[Stored data entries]
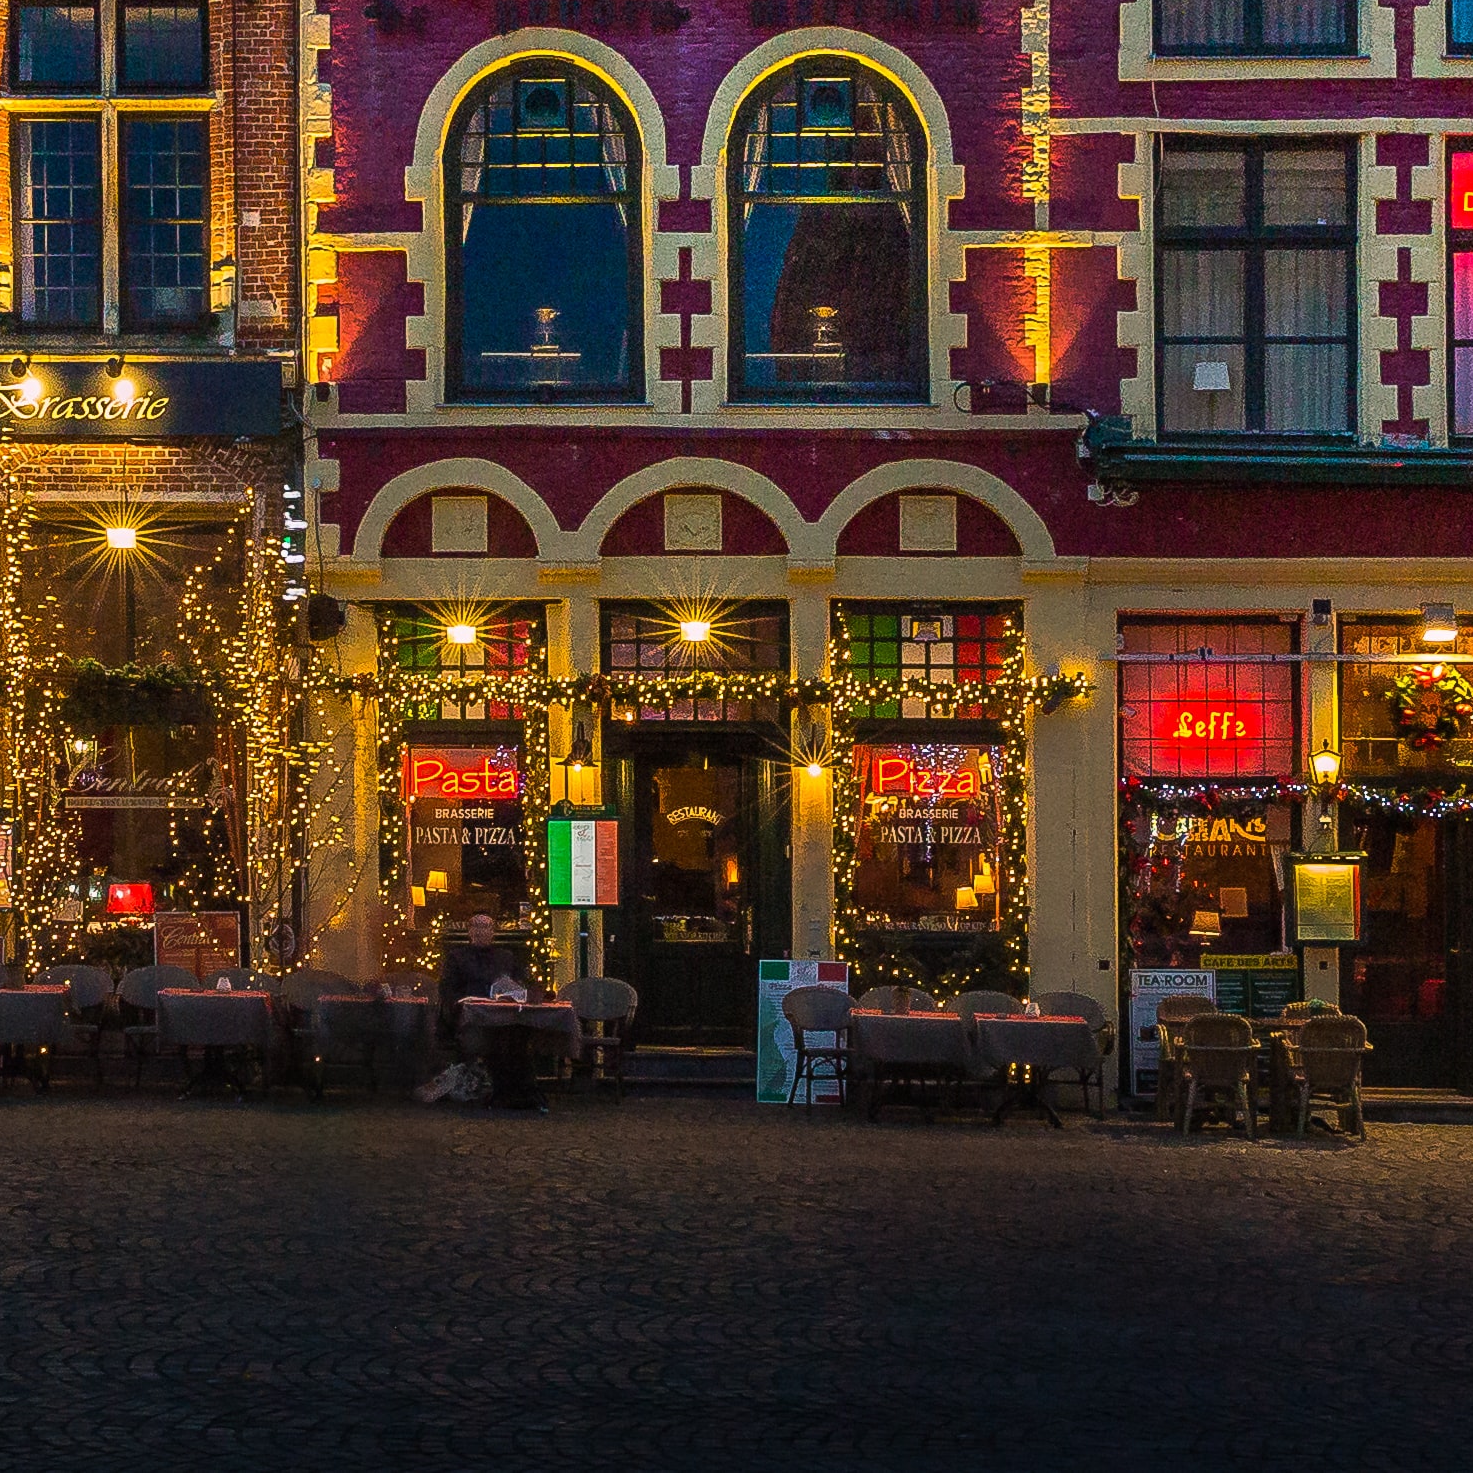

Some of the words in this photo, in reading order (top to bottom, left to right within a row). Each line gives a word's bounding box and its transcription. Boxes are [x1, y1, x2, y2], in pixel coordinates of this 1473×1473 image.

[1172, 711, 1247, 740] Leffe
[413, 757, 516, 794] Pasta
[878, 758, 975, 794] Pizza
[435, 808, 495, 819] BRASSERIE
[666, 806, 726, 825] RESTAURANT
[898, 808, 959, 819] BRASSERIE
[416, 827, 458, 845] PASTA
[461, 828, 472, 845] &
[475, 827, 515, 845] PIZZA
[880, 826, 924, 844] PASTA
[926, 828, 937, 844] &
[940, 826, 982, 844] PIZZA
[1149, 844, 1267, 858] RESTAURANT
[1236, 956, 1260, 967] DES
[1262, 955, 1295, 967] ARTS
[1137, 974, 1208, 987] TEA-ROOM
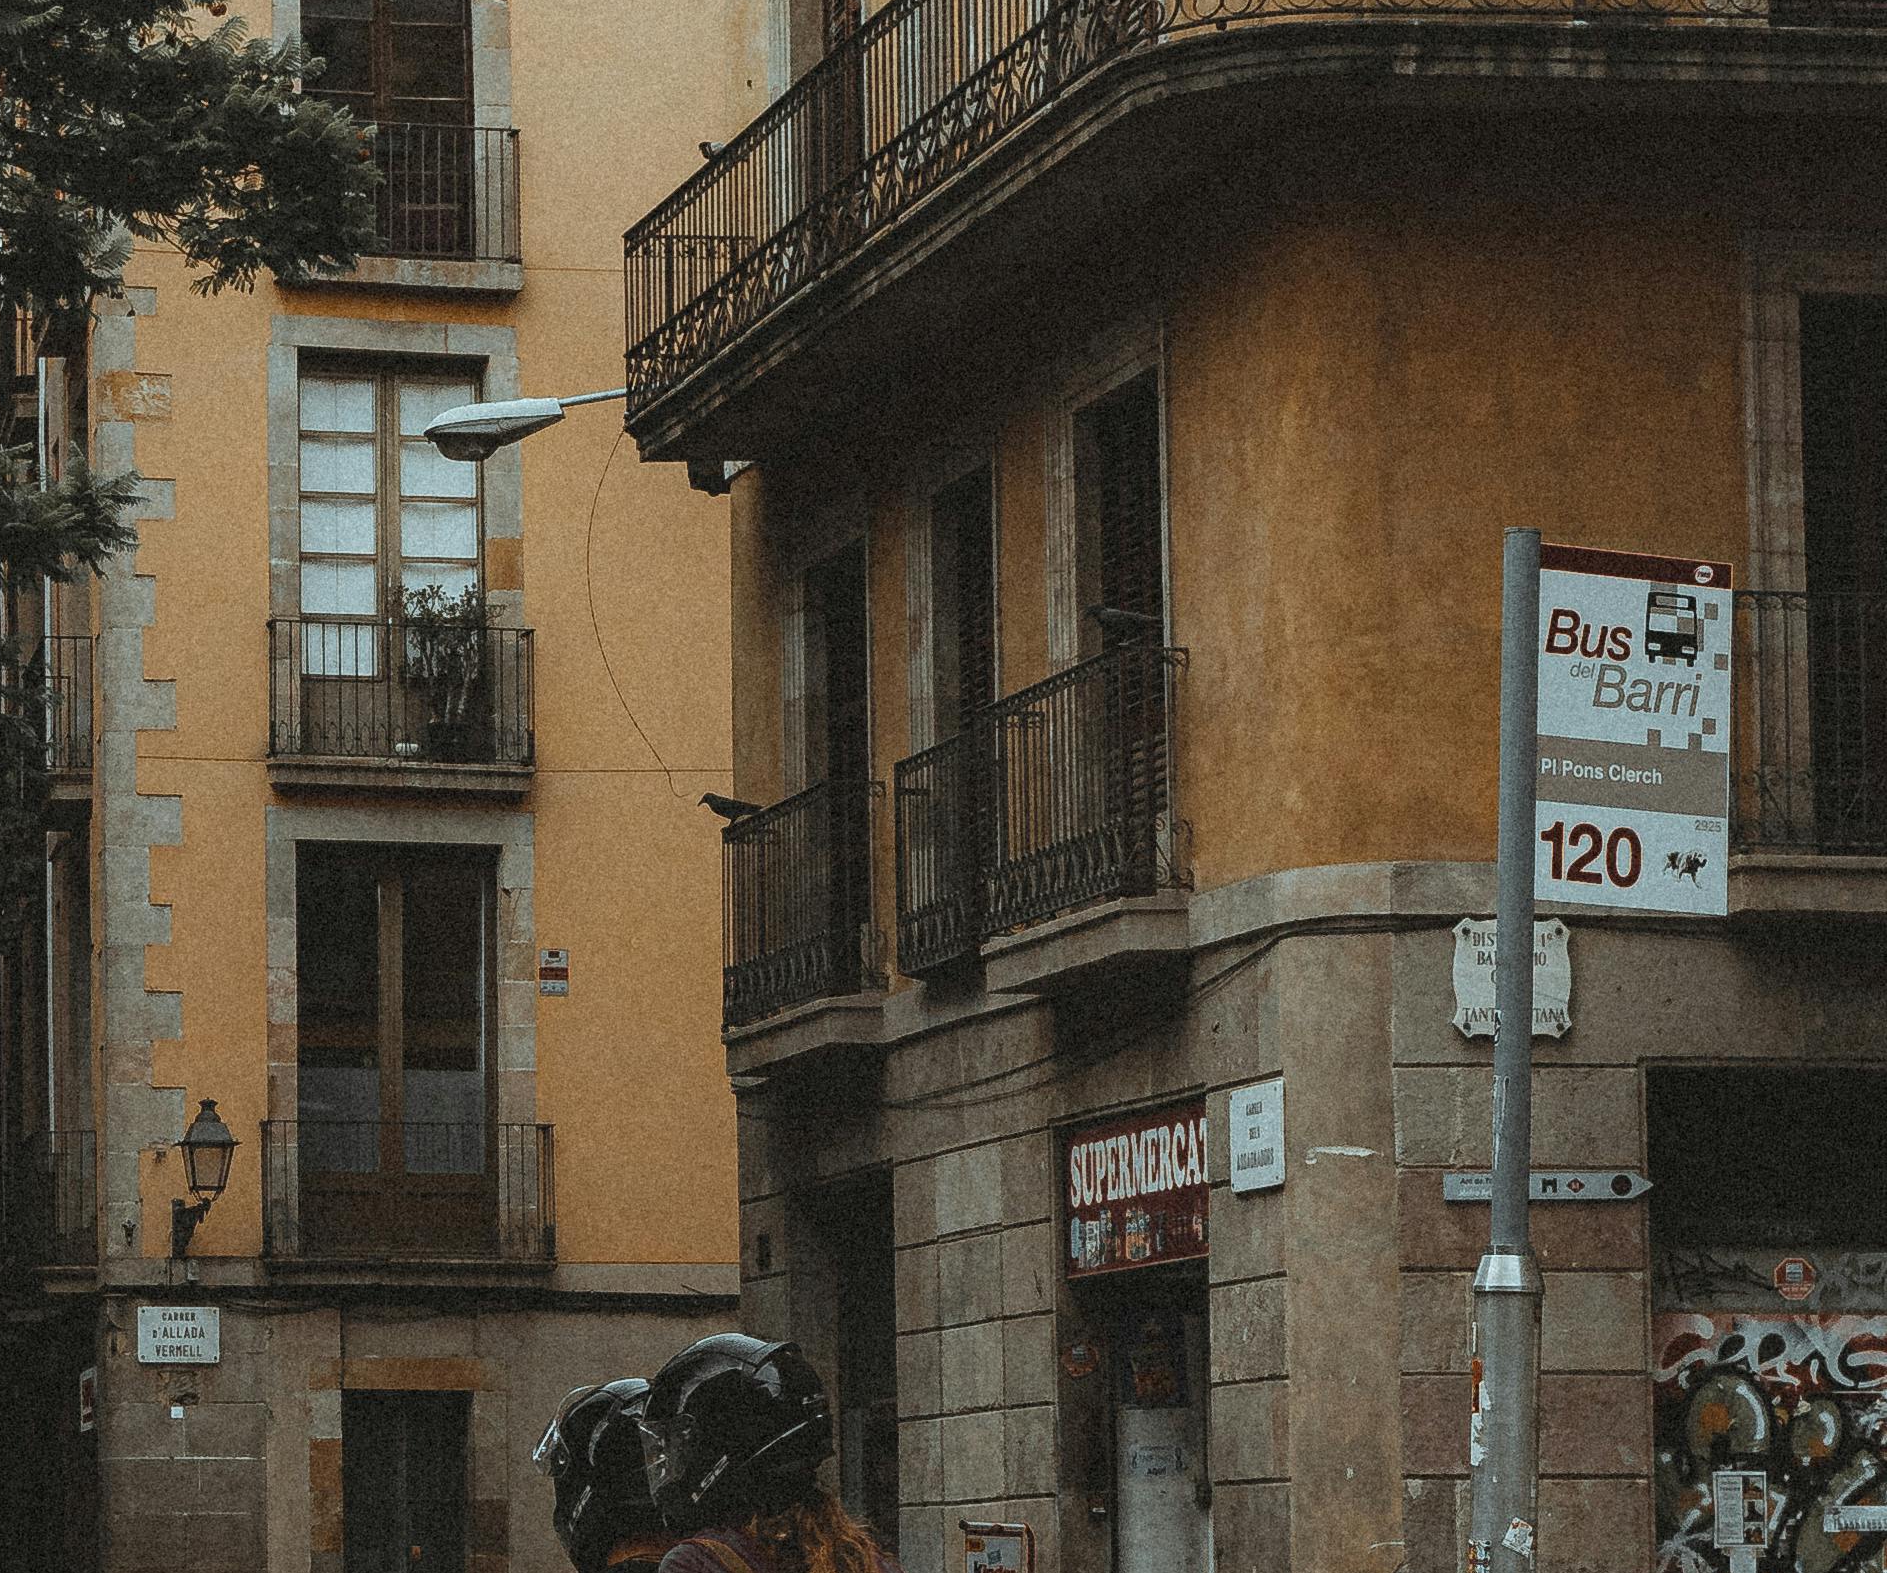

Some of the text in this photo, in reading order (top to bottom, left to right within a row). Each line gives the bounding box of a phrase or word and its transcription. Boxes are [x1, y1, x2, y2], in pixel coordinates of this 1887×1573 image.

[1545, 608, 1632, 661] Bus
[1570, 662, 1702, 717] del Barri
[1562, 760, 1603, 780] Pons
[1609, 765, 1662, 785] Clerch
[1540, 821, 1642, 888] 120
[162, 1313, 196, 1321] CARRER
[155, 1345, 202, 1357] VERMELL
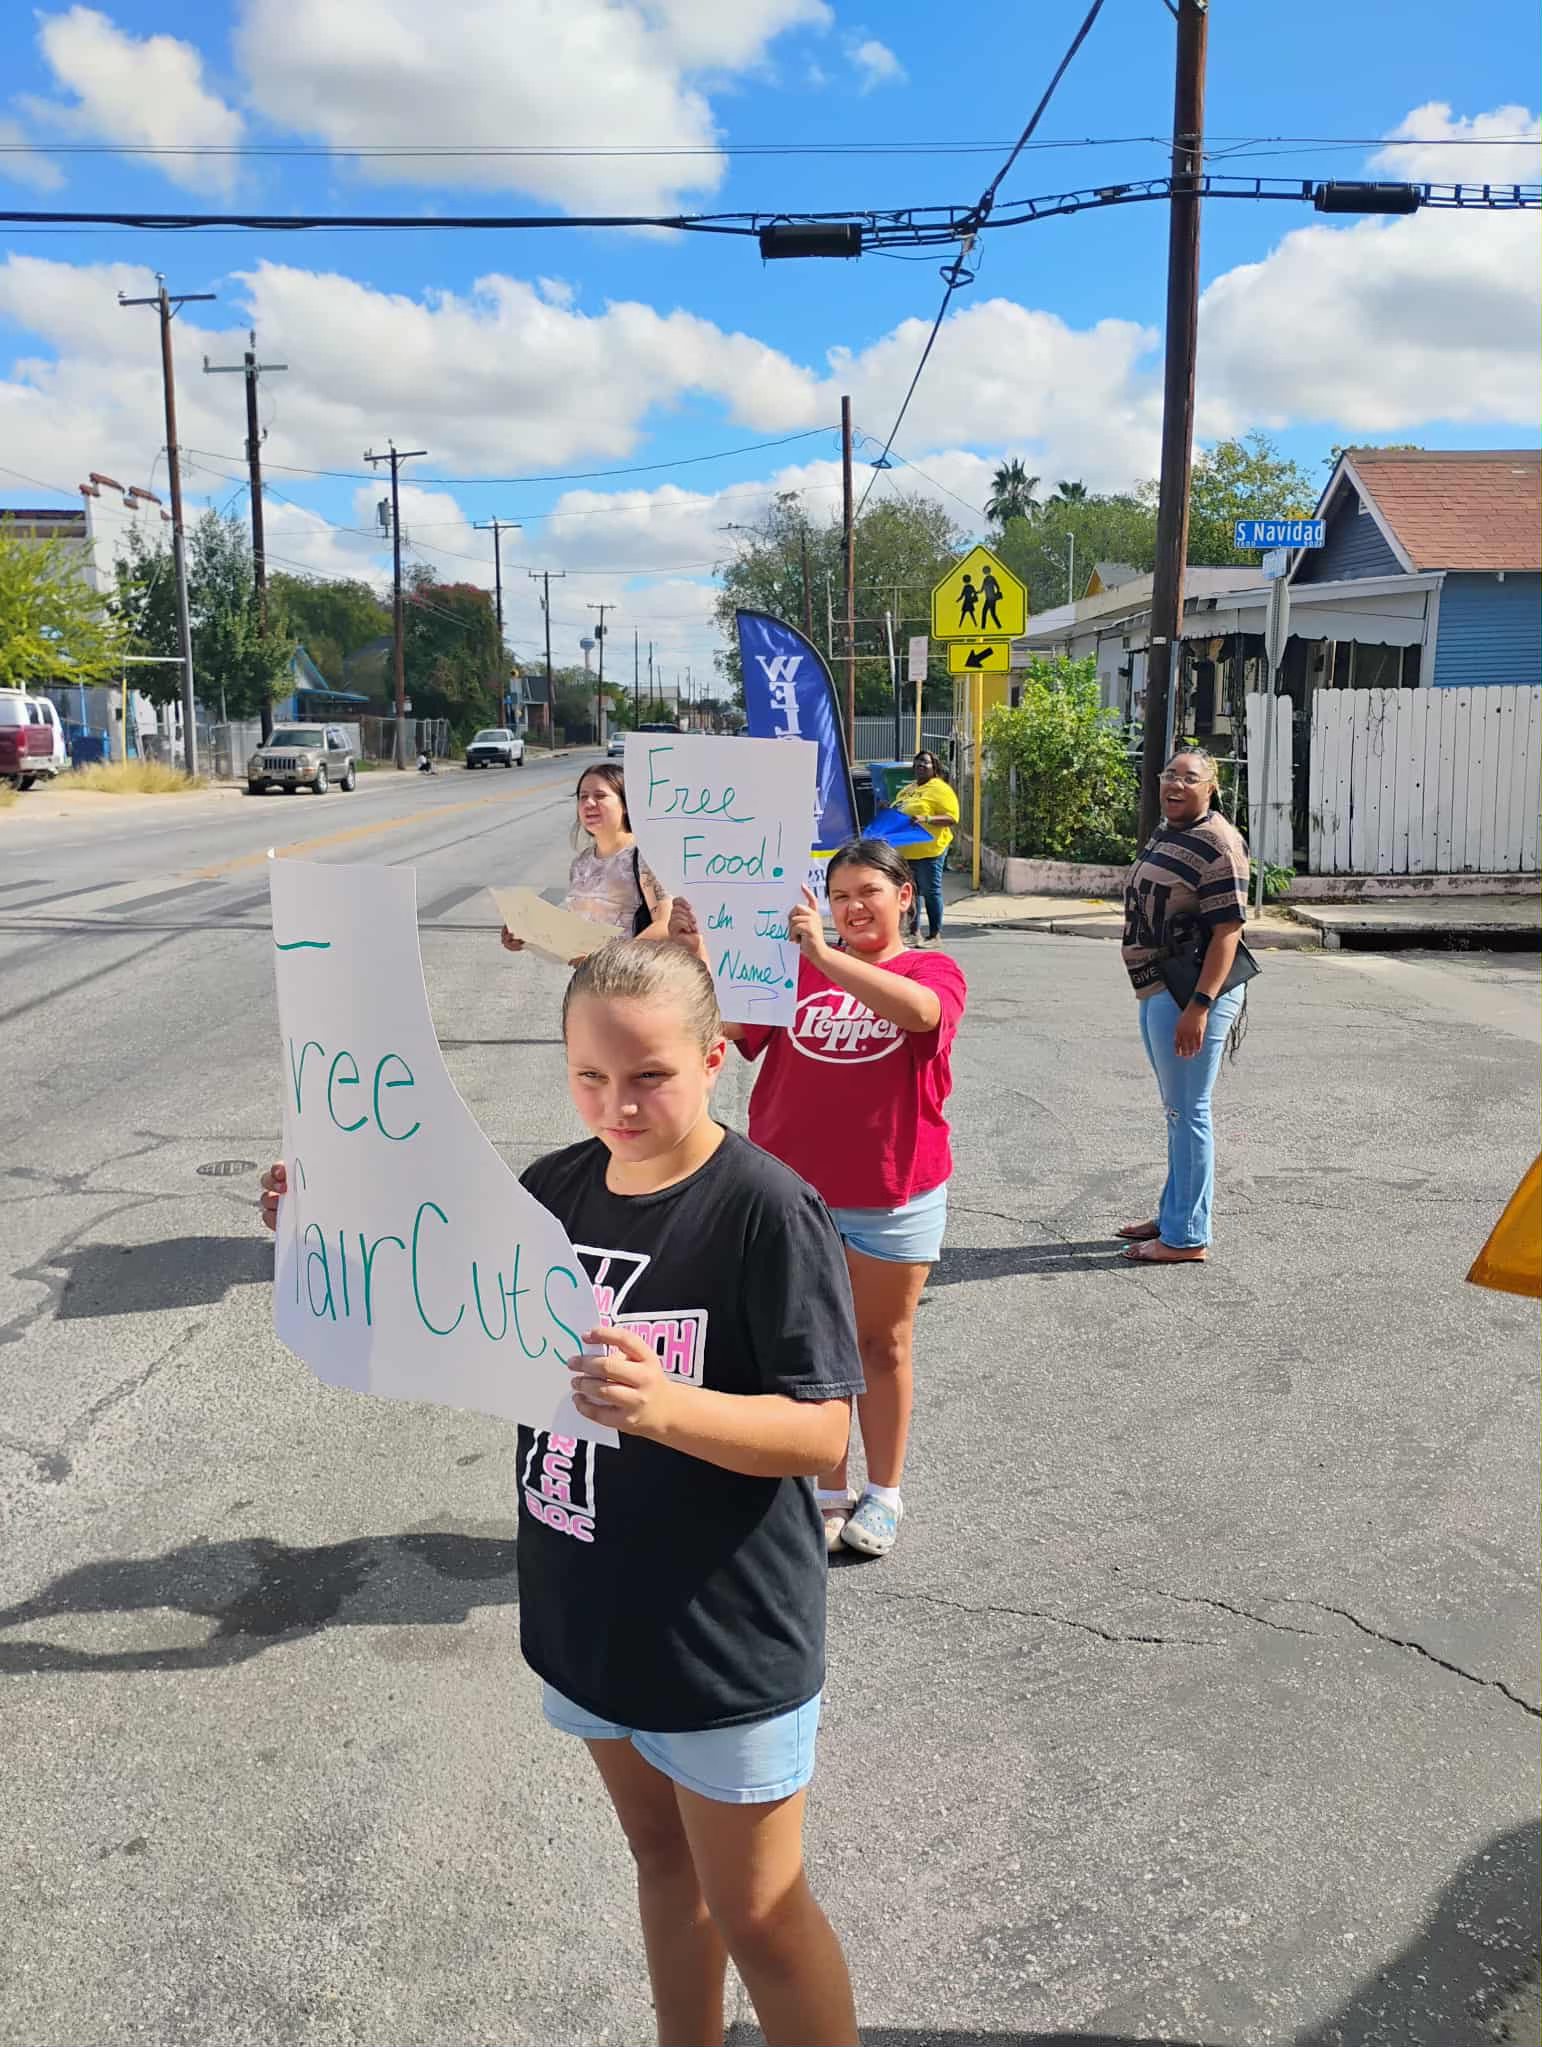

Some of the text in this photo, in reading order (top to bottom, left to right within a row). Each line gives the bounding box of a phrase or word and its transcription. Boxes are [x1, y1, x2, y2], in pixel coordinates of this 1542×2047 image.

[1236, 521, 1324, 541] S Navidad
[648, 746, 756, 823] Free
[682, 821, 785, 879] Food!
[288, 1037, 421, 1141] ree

YOUR OBJECTIVE – Exactly reproduce each record, leaving out any pictures.

ANSWER BELOW –
Some of the words in this photo, in reading order (top to bottom, left to right within a row). Each line gives a word's bounding box and its transcription. Boxes are [x1, y1, x2, y2], in pixel coordinates of this 1473×1473 image.

[1172, 711, 1247, 740] Leffe
[413, 757, 516, 794] Pasta
[878, 758, 975, 794] Pizza
[435, 808, 495, 819] BRASSERIE
[666, 806, 726, 825] RESTAURANT
[898, 808, 959, 819] BRASSERIE
[416, 827, 458, 845] PASTA
[461, 828, 472, 845] &
[475, 827, 515, 845] PIZZA
[880, 826, 924, 844] PASTA
[926, 828, 937, 844] &
[940, 826, 982, 844] PIZZA
[1149, 844, 1267, 858] RESTAURANT
[1236, 956, 1260, 967] DES
[1262, 955, 1295, 967] ARTS
[1137, 974, 1208, 987] TEA-ROOM

Some of the text in this photo, in reading order (top to bottom, left to right within a row). Each line gives the bounding box of a phrase or word and its transcription. Boxes are [x1, y1, x2, y2], in pixel coordinates of this 1887×1573 image.

[1545, 608, 1632, 661] Bus
[1570, 662, 1702, 717] del Barri
[1562, 760, 1603, 780] Pons
[1609, 765, 1662, 785] Clerch
[1540, 821, 1642, 888] 120
[162, 1313, 196, 1321] CARRER
[155, 1345, 202, 1357] VERMELL

Some of the text in this photo, in reading order (top to bottom, left to right within a row). Each line gives the bounding box of a phrase or word and its transcription. Boxes are [x1, y1, x2, y2], in pixel coordinates of this 1542×2047 image.

[1236, 521, 1324, 541] S Navidad
[648, 746, 756, 823] Free
[682, 821, 785, 879] Food!
[288, 1037, 421, 1141] ree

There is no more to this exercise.